Preheat oven to 375°F. Spray 12 muffin cups with nonstick cooking spray.

Step 2

In a large bowl whisk together melted butter, olive oil, Parmesan, rosemary, thyme, salt and pepper.

Step 3

Add sweet potatoes and toss to coat evenly.

Step 4

Layer potatoes slices into muffin pan and fill to the top plus add 3-4 more slices. They will shrink down once they are cooking

Step 5

Bake for about 35-40 minutes and edges and tops are golden brown and center is tender.

Step 6

Let cool for about 5 minutes and carefully remove with a spoon.

Step 7

Place on serving tray and top with extra Parmesan cheese.

Step 8

Serve immediately.

Tips


  • The use of a medallion is helpful, but not required

5 Reviews

NELady

I LOVED these sweet potatoes!

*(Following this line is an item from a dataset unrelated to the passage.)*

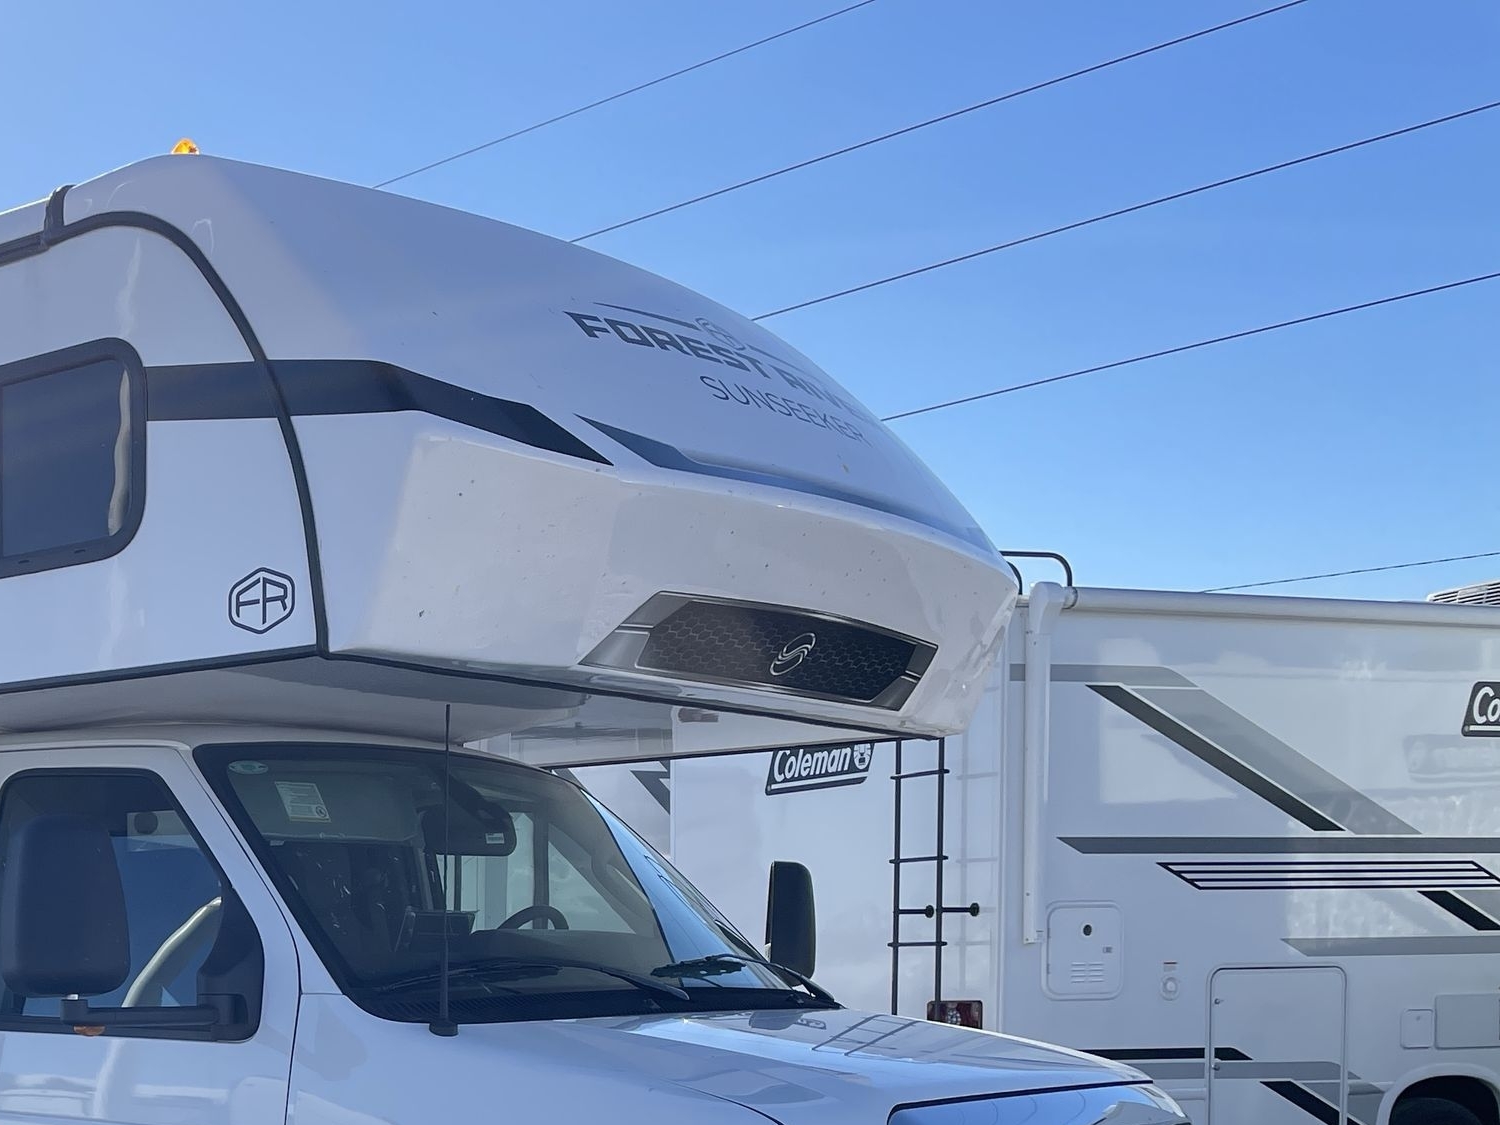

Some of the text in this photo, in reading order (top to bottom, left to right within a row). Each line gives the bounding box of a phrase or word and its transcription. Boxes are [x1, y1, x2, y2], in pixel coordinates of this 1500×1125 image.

[562, 310, 772, 379] FOREST
[699, 375, 873, 448] SUNSEEKER
[773, 747, 852, 783] Coleman

My new favorite way to make them. I cut them as thin as I could with my mediocre knife skills, followed the recipe as directed, and the 45 minute bake time was PERFECTION. They were crispy on the outside and pillowy soft on the inside. The only thing I added was a shake or two of cayenne, because I like a little heat with the sweet. They really do sink down into the muffin tin. Delicious. Made for Billboard Tag.

5.0

review by:
(1 Feb 2023)

LifeIsGood

So delicious! I LOVED the rosemary flavor coming through and also how the butter lightly coated the sweet potato slices. My sweet potatoes were very large so I had to cut some discs in half or even thirds to get them to fit into my muffin tins. They cooked perfectly and it was so fun scooping out the individual servings (although I had three of them at once!). Thank you for a fun AND delicious recipe!

5.0

review by:
(11 Jan 2021)

Gerry

I knew I loved potato stackers but never thought to using sweet potatoes. I found my new bottle of thyme very strong which sees me using much less than recipes are calling for, other than that I made as posted with excellent results. They were so good. It made for a 'why didn't I think of that!' Another Teresa winner!

5.0

review by:
(3 Feb 2018)

ForeverMama

These sweet potatoes were quite interesting as I love the concept of cutting them thin and stacking them in muffin tins. We didn't feel that the herbs didn't quite match well with sweet potatoes as they do with regular potatoes and felt that it masked the natural flavors, but this could be a personal preference. We did though like how they crisped up on top. Thank you TeresaS for sharing. Made it for FYC.

4.0

review by:
(27 Apr 2017)

threeovens

I love this way of making sweet potatoes. It is so easy and really comes out beautiful! I used a mandolin to cut my potatoes and I cut them super thin, like potatoes chips. I added a little more olive oil and herbs because I had a lot of surface area to cover since they were so thin. They shrunk a bit so they were easy to remove from the tin without breaking apart and ruining. Also, the oil sunk to the bottom of the tin so they came out not too oily. Another bonus is that they caramelized around the out edges so they were sweet and chewy. I knew my husband would prefer these with a little cinnamon or allspice instead of the Parmesan, so maybe next time for him.

5.0

review by:
(14 Jul 2016)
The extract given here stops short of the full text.